A total of 36 healthy subjects of both sexes participated in the study, of which 33 completed the intervention and were included in the final analysis as depicted in Fig. 2 (2 of the participants were unable to attend the appointment at the appropriate time and 1 did not want to continue with the study for personal reasons). Participants were recruited disseminating information on the study through talks in women’s centers, senior centers, neighborhood associations, and mass media. All subjects selected for possible inclusion were cited for a first face-to-face selection visit (15 days prior to the start of the study), where they were fully and in-depth informed of all pertinent aspects of the study (nature and objectives), as well as the possible risks involved, including written information and opinion favorable of the ethics committee. If the subject decided to participate in the study, their informed consent was obtained, freely granted and in writing before the realization of any study-related activity.
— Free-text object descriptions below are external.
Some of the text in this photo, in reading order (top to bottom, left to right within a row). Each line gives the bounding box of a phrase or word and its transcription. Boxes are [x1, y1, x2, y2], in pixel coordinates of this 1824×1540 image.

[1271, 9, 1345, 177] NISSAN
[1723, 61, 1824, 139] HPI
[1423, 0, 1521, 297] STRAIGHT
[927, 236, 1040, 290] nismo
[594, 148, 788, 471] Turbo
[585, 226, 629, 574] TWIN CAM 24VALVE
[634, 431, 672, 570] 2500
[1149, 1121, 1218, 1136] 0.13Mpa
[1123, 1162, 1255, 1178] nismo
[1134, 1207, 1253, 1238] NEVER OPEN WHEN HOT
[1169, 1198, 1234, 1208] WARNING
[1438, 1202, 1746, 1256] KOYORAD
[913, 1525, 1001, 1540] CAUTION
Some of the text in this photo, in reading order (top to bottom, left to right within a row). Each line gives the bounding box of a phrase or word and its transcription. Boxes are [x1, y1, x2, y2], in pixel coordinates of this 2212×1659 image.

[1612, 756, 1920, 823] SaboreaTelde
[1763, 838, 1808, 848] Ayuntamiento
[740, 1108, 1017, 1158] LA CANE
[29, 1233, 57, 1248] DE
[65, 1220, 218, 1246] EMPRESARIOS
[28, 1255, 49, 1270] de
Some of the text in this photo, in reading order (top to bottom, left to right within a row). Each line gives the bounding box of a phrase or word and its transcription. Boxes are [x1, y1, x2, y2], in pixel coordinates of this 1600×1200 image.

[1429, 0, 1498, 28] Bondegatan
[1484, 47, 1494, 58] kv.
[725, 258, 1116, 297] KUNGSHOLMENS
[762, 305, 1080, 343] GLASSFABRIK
Subjects had to meet all inclusion criteria (age between 18 and 65 years old, both sexes, body mass index (BMI) between 25 and 34.9 kg/m², weight maintained in the last three months, do not modify nicotinic habits and absence of disease) and any of the exclusion criteria (chronic diseases, illness, thyroid dysfunction, allergies to any components of the study product, carrying out or intend to carry out any type of diet during the study and participants that are in pregnancy state). A total of 33 overweight and obese subjects; 17 males and 16 females were part of the study, with a mean age of 33.76 ± 12.23 years, a weight of 82.54 ± 11.38 kg, a BMI 28.20 ± 2.47 and 30.65 ± 8.39% of fat mass at baseline. Once the participant signed the informed consent and was included in the study (after analyzing the aforementioned criteria), the researchers indicated the protocol to follow to the participants and were instructed to take two capsules a day.

The study protocol was approved by the Institutional Review Committee of the Universidad Católica San Antonio (Murcia, Spain; CE011815). Furthermore, the study was conducted in accordance with the Declaration of Helsinki [Randomized Trial Registration Number (Clinicaltrials): NCT04105192].

Lc-Hs (MetabolAid^®, Monteleloeder S.L., Alicante, Spain) and Pla presented similar pharmaceutical form. Lc-Hs was composed by a mixture of extracts from Lippia citriodora and Hibiscus sabdariffa, while Pla contained crystalline microcellulose. The administration was oral consisting on 2 capsules/day, each capsule containing 250 mg of either Lc-Hs (the two capsules correspond to the daily dose of 325 mg Lc and 125 mg Hs) or Placebo, before breakfast during a period of 60 days. At the end of each allocation, subjects were asked to return the empty blisters to check compliance of supplementation protocol. Same procedure was repeated after the cross-over.

The composition of the formula and HPLC data has been published in previous reports [9, 17]. Briefly, Lemon verbena and Hibiscus extracts, standardized in verbascoside and anthocyanins, respectively, are mixed in a 65–35% ratio.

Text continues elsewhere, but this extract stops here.